En el ecosistema de la música urbana actual, pocos nombres generan tanto magnetismo y controversia simultánea como el de Tokischa. La artista dominicana, que ha hecho de la provocación una herramienta de libertad y del dembow una radiografía social sin filtros, regresará a España este verano. Las citas, marcadas en el calendario de los devotos del género, tendrán lugar el 30 de junio en La Riviera de Madrid y el 1 de julio en la sala Razzmatazz de Barcelona.
Su llegada a la Península se produce en un momento de plenitud creativa tras el lanzamiento de su álbum de debut, «AMOR & DROGA«. El trabajo no solo ha reafirmado su versatilidad, sino que ha obtenido el beneplácito de la crítica especializada. Con este disco bajo el brazo, Tokischa se consolida como una figura que trasciende las etiquetas del trap convencional para instalarse en una liga donde lo musical y lo político se entrelazan de forma indisoluble.
Convertida en un fenómeno global en tiempo récord, la trayectoria de Tokischa se define por su capacidad para redefinir los límites de la música latina. Sus letras, explícitas y crudas, viajan entre el hedonismo más absoluto y una reivindicación constante de los márgenes. Aunque para el oído superficial sus composiciones puedan parecer sencillas, existe en su obra un matiz de resistencia alineado con sus valores sociales y la celebración de identidades a menudo invisibilizadas.
Esta dualidad ha cautivado a artistas de espectros tan dispares como Madonna, Rosalía o la vanguardista Arca. Sus colaboraciones no han sido meros ejercicios comerciales, sino diálogos artísticos que han ampliado su alcance internacional. Tokischa no solo canta, construye un universo visual y sonoro donde la vulnerabilidad y la fuerza se manifiestan con la misma intensidad.

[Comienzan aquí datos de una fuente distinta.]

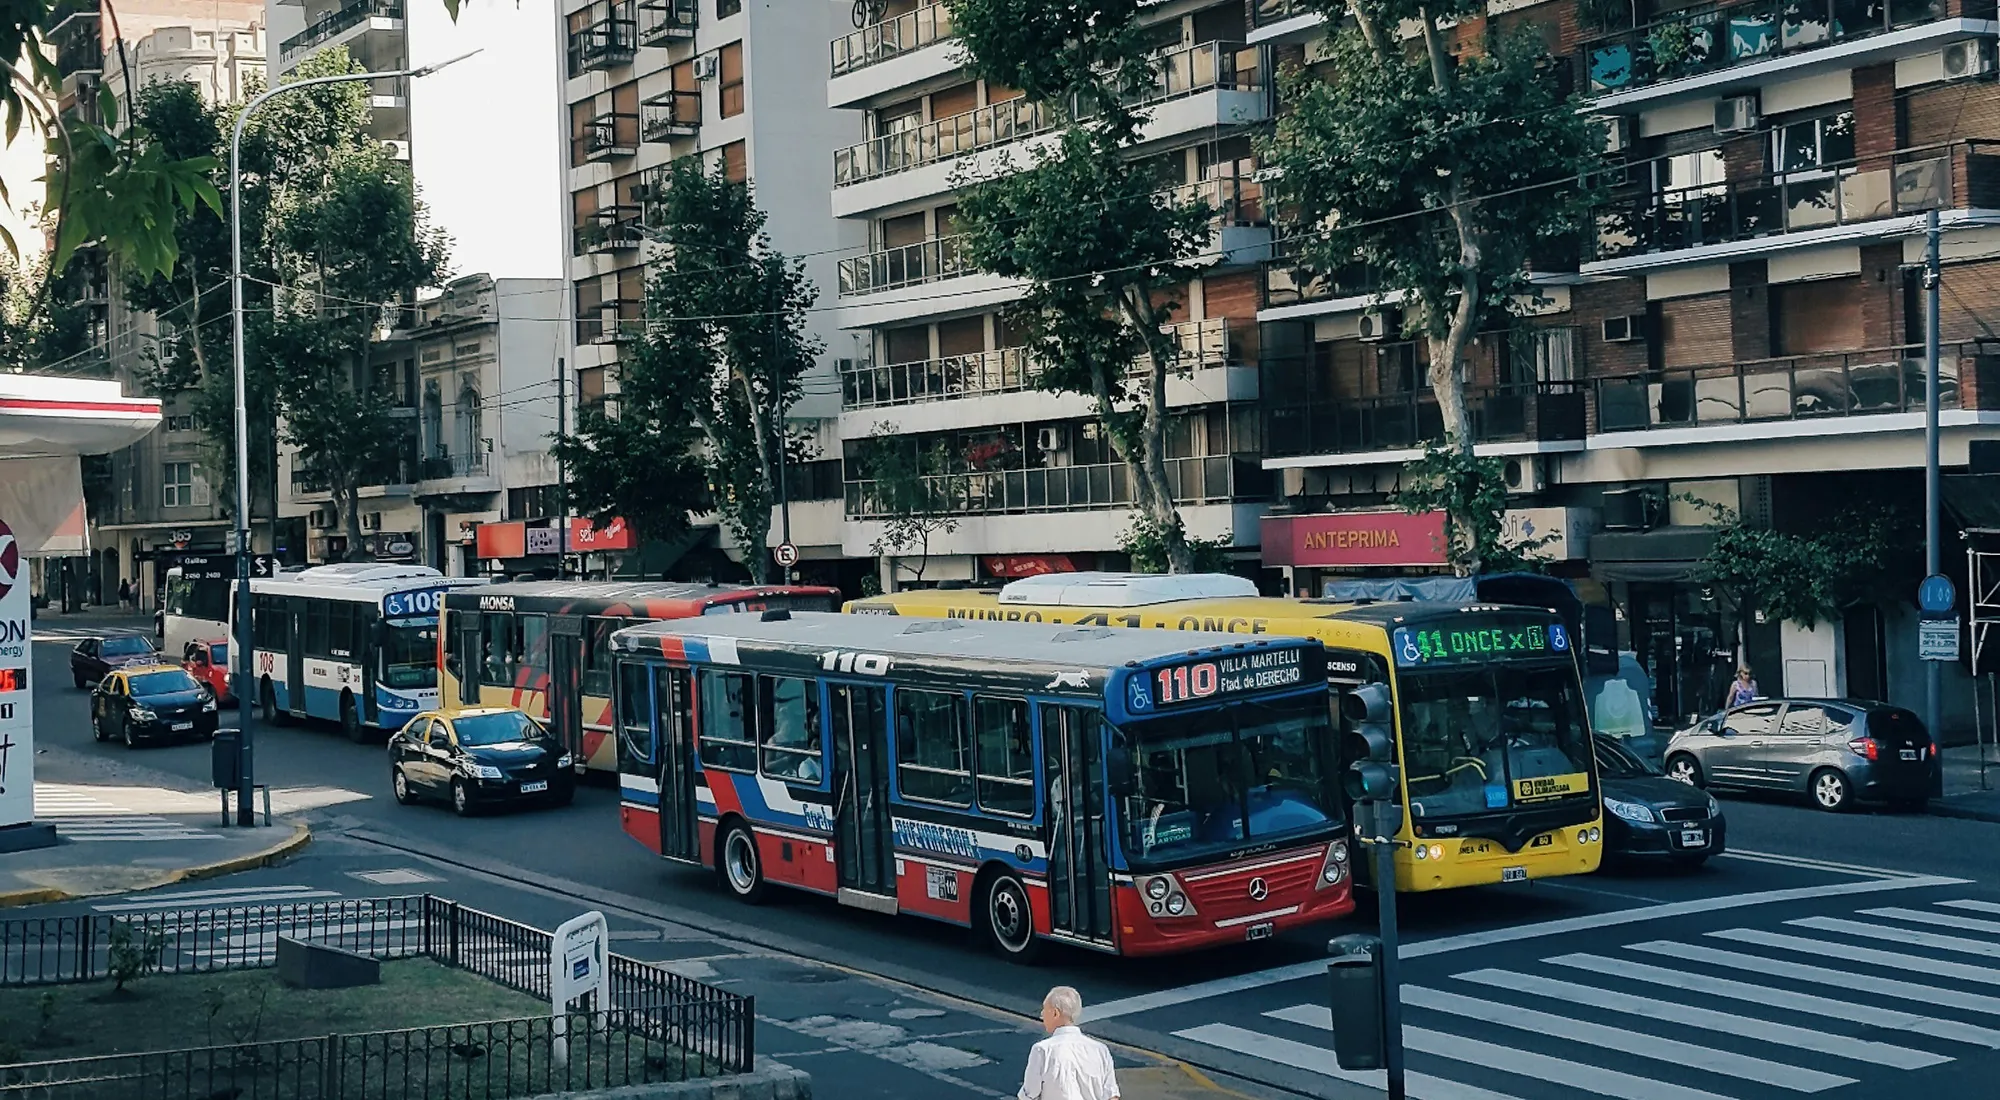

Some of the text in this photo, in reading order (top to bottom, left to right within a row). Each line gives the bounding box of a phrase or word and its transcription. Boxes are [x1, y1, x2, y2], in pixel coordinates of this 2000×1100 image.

Si hay un lugar donde el discurso de Tokischa cobra un sentido completo, es sobre las tablas. Sus directos se han ganado la reputación de ser auténticas fiestas donde la barrera entre el artista y el público se diluye a golpe de ritmo. La energía que despliega en el escenario es una invitación directa a la diversión y a la desinhibición, pilares de una propuesta que busca, ante todo, la catarsis colectiva.

La elección de recintos como La Riviera y Razzmatazz garantiza esa atmósfera de cercanía y sudor necesaria para el dembow de la dominicana. Se espera que los conciertos sean un recorrido por sus nuevos temas y esos éxitos que ya forman parte del imaginario urbano global.
La expectación por ver a Tokischa de nuevo en salas es máxima. Tras su paso por grandes festivales, el formato de sala permitirá a sus seguidores vivir la experiencia con una crudeza que solo las distancias cortas permiten. Es, sin duda, una de las giras más esperadas de la temporada estival, una oportunidad para comprobar por qué esta mujer de Cansino Adentro se ha convertido en la voz más disruptiva de la música actual.